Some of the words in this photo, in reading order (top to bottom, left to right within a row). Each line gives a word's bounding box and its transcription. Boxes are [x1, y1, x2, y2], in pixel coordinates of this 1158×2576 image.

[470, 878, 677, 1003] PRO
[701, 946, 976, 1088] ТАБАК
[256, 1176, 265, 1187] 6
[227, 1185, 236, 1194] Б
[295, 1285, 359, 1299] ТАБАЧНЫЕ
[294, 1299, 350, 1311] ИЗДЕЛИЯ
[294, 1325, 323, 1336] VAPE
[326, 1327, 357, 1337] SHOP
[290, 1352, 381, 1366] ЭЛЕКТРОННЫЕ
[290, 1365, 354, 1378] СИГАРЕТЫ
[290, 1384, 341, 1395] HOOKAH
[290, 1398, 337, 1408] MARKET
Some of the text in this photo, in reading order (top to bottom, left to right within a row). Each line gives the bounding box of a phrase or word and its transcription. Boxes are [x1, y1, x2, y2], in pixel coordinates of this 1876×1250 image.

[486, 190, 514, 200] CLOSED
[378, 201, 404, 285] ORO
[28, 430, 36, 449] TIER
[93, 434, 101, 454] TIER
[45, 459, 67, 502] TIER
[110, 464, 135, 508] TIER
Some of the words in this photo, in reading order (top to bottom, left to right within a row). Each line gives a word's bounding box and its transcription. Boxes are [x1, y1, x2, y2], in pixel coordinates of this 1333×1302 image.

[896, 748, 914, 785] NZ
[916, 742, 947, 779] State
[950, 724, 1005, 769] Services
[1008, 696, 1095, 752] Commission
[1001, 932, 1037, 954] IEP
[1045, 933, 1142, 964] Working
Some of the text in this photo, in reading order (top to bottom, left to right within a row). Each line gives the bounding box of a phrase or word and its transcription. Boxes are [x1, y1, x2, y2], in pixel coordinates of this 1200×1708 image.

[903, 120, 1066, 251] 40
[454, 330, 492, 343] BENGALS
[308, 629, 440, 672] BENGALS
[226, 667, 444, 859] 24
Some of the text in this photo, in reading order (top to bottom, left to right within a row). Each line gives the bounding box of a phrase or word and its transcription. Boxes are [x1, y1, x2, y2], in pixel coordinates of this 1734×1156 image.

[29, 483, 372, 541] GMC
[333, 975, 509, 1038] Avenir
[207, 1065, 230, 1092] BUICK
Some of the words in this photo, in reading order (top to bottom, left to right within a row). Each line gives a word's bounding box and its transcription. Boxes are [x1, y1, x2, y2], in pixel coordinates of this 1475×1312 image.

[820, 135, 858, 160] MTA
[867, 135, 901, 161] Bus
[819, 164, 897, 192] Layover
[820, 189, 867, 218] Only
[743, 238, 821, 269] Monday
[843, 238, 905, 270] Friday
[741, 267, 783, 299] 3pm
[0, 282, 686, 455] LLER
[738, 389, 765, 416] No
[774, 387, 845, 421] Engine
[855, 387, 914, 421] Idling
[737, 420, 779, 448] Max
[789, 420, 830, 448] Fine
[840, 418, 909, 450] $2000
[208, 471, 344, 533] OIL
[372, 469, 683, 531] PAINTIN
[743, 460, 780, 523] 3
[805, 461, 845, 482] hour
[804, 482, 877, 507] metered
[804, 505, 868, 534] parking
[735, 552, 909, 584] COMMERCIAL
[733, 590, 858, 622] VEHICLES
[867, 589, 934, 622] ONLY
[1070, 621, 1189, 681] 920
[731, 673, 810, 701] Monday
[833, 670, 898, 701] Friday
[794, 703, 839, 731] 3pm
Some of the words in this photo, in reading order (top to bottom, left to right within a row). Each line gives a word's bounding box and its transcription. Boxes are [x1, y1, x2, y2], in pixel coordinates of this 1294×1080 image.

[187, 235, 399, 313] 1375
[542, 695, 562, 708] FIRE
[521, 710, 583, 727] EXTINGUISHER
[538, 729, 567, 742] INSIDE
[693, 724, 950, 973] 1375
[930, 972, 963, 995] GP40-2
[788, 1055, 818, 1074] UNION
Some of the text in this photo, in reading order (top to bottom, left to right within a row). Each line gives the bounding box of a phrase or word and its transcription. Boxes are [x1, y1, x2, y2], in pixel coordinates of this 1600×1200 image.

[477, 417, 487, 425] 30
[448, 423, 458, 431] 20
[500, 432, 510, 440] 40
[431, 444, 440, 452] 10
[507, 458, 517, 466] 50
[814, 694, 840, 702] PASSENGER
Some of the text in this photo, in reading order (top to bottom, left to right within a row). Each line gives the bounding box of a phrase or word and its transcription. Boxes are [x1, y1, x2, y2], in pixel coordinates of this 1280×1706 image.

▸ **WORK TO BE COMPLETED**
Nothing but the lines from the one containing "this 1475×1312 image." through the last line of the material should be returned, each exactly as written, both ends included.

▸ **RESPONSE**
Some of the words in this photo, in reading order (top to bottom, left to right within a row). Each line gives a word's bounding box and its transcription. Boxes are [x1, y1, x2, y2], in pixel coordinates of this 1475×1312 image.

[820, 135, 858, 160] MTA
[867, 135, 901, 161] Bus
[819, 164, 897, 192] Layover
[820, 189, 867, 218] Only
[743, 238, 821, 269] Monday
[843, 238, 905, 270] Friday
[741, 267, 783, 299] 3pm
[0, 282, 686, 455] LLER
[738, 389, 765, 416] No
[774, 387, 845, 421] Engine
[855, 387, 914, 421] Idling
[737, 420, 779, 448] Max
[789, 420, 830, 448] Fine
[840, 418, 909, 450] $2000
[208, 471, 344, 533] OIL
[372, 469, 683, 531] PAINTIN
[743, 460, 780, 523] 3
[805, 461, 845, 482] hour
[804, 482, 877, 507] metered
[804, 505, 868, 534] parking
[735, 552, 909, 584] COMMERCIAL
[733, 590, 858, 622] VEHICLES
[867, 589, 934, 622] ONLY
[1070, 621, 1189, 681] 920
[731, 673, 810, 701] Monday
[833, 670, 898, 701] Friday
[794, 703, 839, 731] 3pm
Some of the words in this photo, in reading order (top to bottom, left to right within a row). Each line gives a word's bounding box and its transcription. Boxes are [x1, y1, x2, y2], in pixel coordinates of this 1294×1080 image.

[187, 235, 399, 313] 1375
[542, 695, 562, 708] FIRE
[521, 710, 583, 727] EXTINGUISHER
[538, 729, 567, 742] INSIDE
[693, 724, 950, 973] 1375
[930, 972, 963, 995] GP40-2
[788, 1055, 818, 1074] UNION
Some of the text in this photo, in reading order (top to bottom, left to right within a row). Each line gives the bounding box of a phrase or word and its transcription. Boxes are [x1, y1, x2, y2], in pixel coordinates of this 1600×1200 image.

[477, 417, 487, 425] 30
[448, 423, 458, 431] 20
[500, 432, 510, 440] 40
[431, 444, 440, 452] 10
[507, 458, 517, 466] 50
[814, 694, 840, 702] PASSENGER
Some of the text in this photo, in reading order (top to bottom, left to right within a row). Each line gives the bounding box of a phrase or word and its transcription. Boxes are [x1, y1, x2, y2], in pixel coordinates of this 1280×1706 image.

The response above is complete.